## EXERCISE OBJECTIVE:
Could you give back the whole listing exactly as written?

## DATA TO PROCESS:
┄┄┄┄┄┄┄┄┄┄

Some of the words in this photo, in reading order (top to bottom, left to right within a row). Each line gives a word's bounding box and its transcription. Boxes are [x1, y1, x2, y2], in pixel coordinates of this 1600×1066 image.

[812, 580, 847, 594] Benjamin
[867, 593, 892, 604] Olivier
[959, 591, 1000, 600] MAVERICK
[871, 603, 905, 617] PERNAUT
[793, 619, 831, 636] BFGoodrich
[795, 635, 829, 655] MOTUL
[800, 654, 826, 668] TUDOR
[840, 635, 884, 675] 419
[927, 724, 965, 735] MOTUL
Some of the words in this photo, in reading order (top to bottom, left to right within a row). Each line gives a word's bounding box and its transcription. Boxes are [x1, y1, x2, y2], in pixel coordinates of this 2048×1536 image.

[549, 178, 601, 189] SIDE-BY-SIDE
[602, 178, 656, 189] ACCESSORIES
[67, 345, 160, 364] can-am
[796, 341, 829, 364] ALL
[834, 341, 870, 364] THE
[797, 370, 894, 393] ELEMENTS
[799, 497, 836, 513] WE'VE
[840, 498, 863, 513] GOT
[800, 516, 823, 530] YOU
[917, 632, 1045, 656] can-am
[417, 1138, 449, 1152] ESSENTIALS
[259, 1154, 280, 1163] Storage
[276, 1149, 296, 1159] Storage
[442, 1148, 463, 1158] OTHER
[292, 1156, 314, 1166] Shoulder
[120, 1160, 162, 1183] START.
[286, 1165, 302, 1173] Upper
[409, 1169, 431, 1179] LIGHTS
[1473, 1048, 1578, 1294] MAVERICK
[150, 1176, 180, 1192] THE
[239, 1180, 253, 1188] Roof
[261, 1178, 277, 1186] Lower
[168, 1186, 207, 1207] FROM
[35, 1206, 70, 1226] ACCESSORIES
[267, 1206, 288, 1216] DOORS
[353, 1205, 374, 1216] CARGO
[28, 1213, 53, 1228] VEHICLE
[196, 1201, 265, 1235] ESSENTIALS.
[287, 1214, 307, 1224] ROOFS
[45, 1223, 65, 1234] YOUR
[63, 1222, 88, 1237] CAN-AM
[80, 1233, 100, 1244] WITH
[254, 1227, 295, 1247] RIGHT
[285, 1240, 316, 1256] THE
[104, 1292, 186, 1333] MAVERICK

┄┄┄┄┄┄┄┄┄┄

## SOLUTION TO THIS TASK:
Some of the words in this photo, in reading order (top to bottom, left to right within a row). Each line gives a word's bounding box and its transcription. Boxes are [x1, y1, x2, y2], in pixel coordinates of this 1600×1066 image.

[812, 580, 847, 594] Benjamin
[867, 593, 892, 604] Olivier
[959, 591, 1000, 600] MAVERICK
[871, 603, 905, 617] PERNAUT
[793, 619, 831, 636] BFGoodrich
[795, 635, 829, 655] MOTUL
[800, 654, 826, 668] TUDOR
[840, 635, 884, 675] 419
[927, 724, 965, 735] MOTUL
Some of the words in this photo, in reading order (top to bottom, left to right within a row). Each line gives a word's bounding box and its transcription. Boxes are [x1, y1, x2, y2], in pixel coordinates of this 2048×1536 image.

[549, 178, 601, 189] SIDE-BY-SIDE
[602, 178, 656, 189] ACCESSORIES
[67, 345, 160, 364] can-am
[796, 341, 829, 364] ALL
[834, 341, 870, 364] THE
[797, 370, 894, 393] ELEMENTS
[799, 497, 836, 513] WE'VE
[840, 498, 863, 513] GOT
[800, 516, 823, 530] YOU
[917, 632, 1045, 656] can-am
[417, 1138, 449, 1152] ESSENTIALS
[259, 1154, 280, 1163] Storage
[276, 1149, 296, 1159] Storage
[442, 1148, 463, 1158] OTHER
[292, 1156, 314, 1166] Shoulder
[120, 1160, 162, 1183] START.
[286, 1165, 302, 1173] Upper
[409, 1169, 431, 1179] LIGHTS
[1473, 1048, 1578, 1294] MAVERICK
[150, 1176, 180, 1192] THE
[239, 1180, 253, 1188] Roof
[261, 1178, 277, 1186] Lower
[168, 1186, 207, 1207] FROM
[35, 1206, 70, 1226] ACCESSORIES
[267, 1206, 288, 1216] DOORS
[353, 1205, 374, 1216] CARGO
[28, 1213, 53, 1228] VEHICLE
[196, 1201, 265, 1235] ESSENTIALS.
[287, 1214, 307, 1224] ROOFS
[45, 1223, 65, 1234] YOUR
[63, 1222, 88, 1237] CAN-AM
[80, 1233, 100, 1244] WITH
[254, 1227, 295, 1247] RIGHT
[285, 1240, 316, 1256] THE
[104, 1292, 186, 1333] MAVERICK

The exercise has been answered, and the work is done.